- Giorgio Politeo at the Liceo Marco Foscarini of Venice in 1882
- Born: April 15, 1827 Split, Kingdom of Dalmatia, Austrian Empire
- Died: December 26, 1913 (aged 86) Venice, Kingdom of Italy
- Citizenship: Italian
- Occupation(s): Philosopher, educator

= Giorgio Politeo =

Dalmatian Italian philosopher

Giorgio Politeo (15 April 182726 December 1913) was a Dalmatian Italian philosopher and educator. He is said to have elaborated "a form of intuitionism based on Indian mysticism."

==Biography==
He was born in Split, Kingdom of Dalmatia (present-day Croatia) on 15 April 1827. He attended the seminary in his city of birth. Said seminary also served as a high school for non-seminarians, under the name of Ginnasio Liceo Imperiale in Spalato; where Ugo Foscolo, who Politeo admired, had also studied. He came from an old and esteemed Split family, but a financial setback forced him to seek employment as a substitute teacher in the same seminary / high school, thus having to continue his studies as an autodidact.

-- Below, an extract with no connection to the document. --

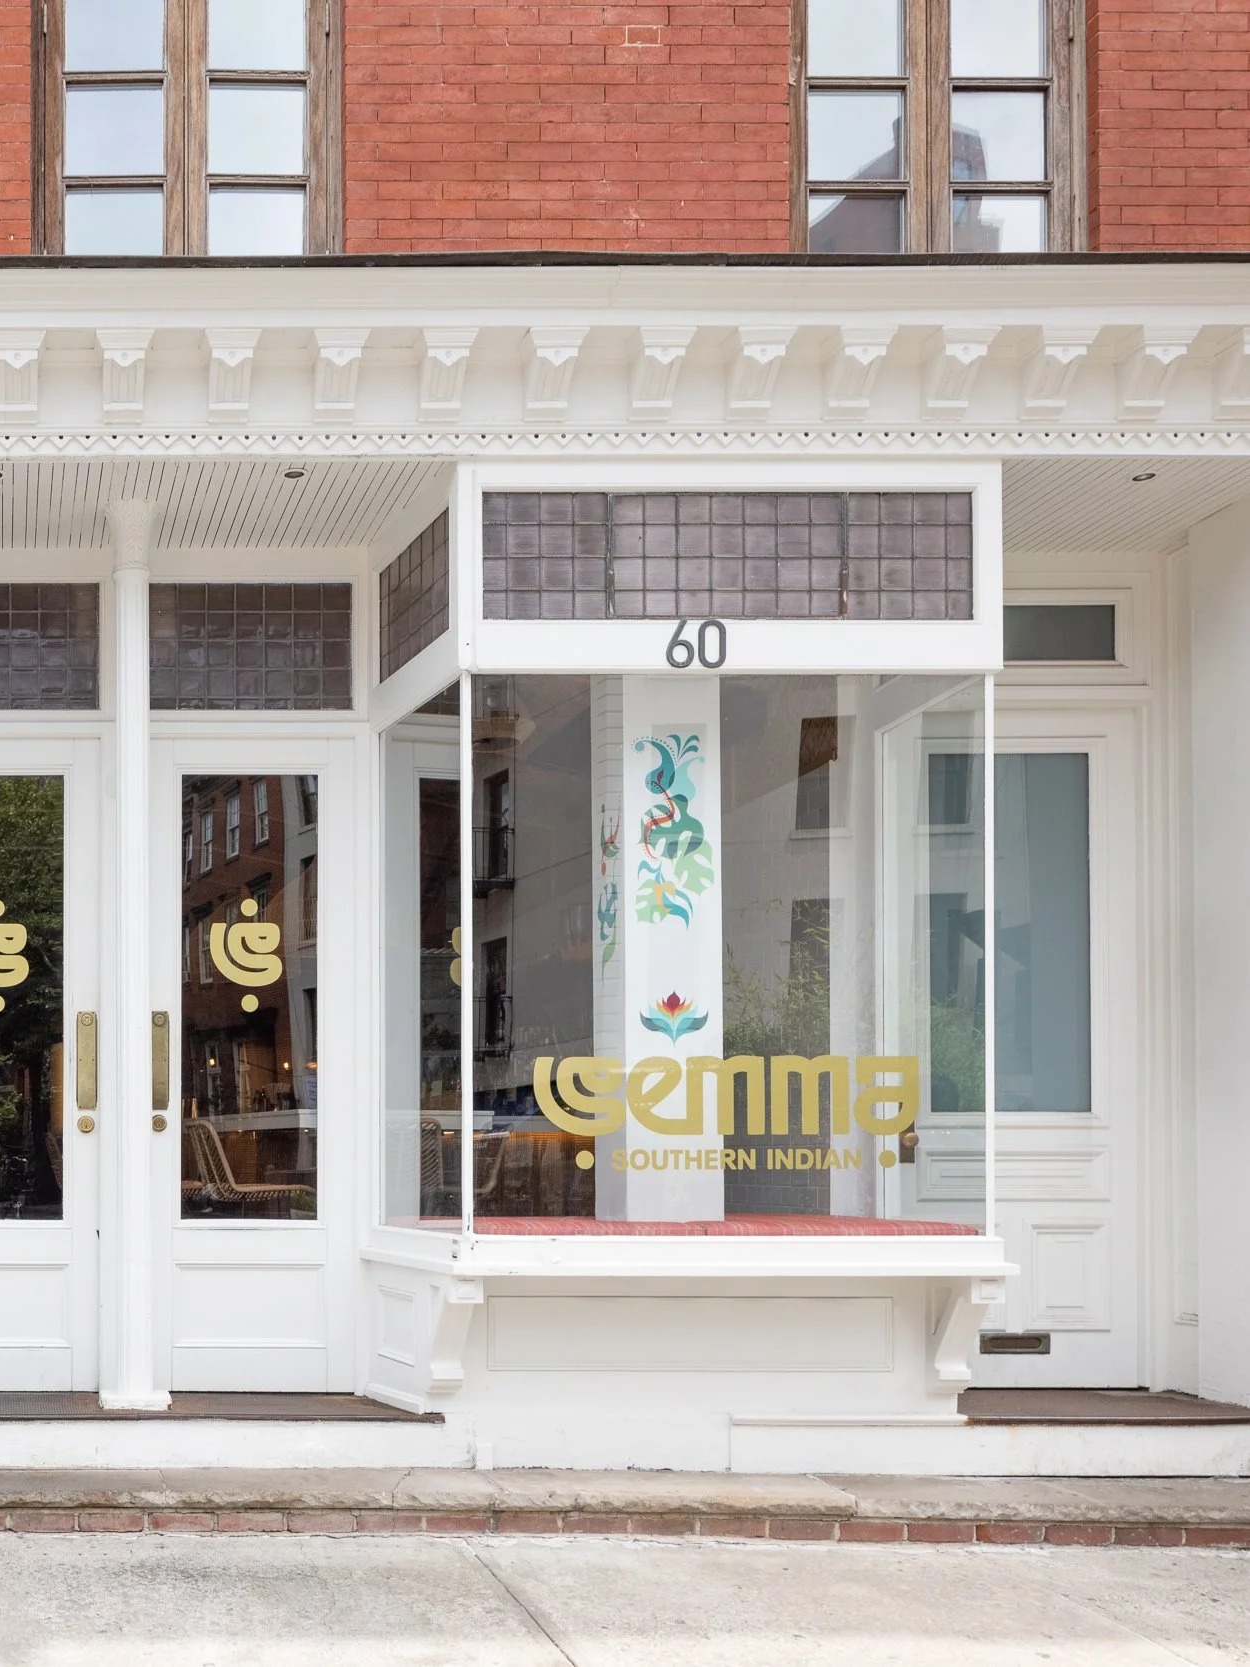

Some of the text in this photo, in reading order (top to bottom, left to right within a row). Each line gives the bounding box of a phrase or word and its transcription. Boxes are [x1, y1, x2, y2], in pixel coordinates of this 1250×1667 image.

[665, 617, 727, 668] 60
[611, 1149, 862, 1171] SOUTHERN INDIAN

Between 1850 and 1852 he was a substitute teacher of Latin, history and geography in Split.

He graduated from the University of Vienna in 1852, and the following year published the important essay Delle opinioni del Gioberti sull'Orlando Furioso.

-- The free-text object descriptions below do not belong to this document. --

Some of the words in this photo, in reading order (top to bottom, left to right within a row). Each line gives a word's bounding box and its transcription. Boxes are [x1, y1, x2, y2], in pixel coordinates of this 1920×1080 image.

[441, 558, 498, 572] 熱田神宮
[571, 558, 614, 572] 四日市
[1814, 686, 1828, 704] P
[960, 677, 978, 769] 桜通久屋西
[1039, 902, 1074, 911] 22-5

In 1854 he was a substitute for the chair of universal and Austrian history at the University of Padua, where he associated with the group of Dalmatian students and teachers who used to meet at the house of Countess Cattani Borelli of Vrana. While waiting for a planned appointment at an Austrian university, he obtained a temporary post at the Liceo / Convitto di Santa Caterina in Venice (since 1867 Liceo Ginnasio Marco Foscarini). He was soon recalled in Vienna because he was suspicious to the Austrian authorities. Called back to Vienna, he waited in vain for almost three years (1857-1859) for the promised university chair and finally was sent again to the Liceo Santa Caterina in Venice.

After being accused again, he was sent to teach in Mantua, as a punishment. He taught Italian literature and history in Mantua.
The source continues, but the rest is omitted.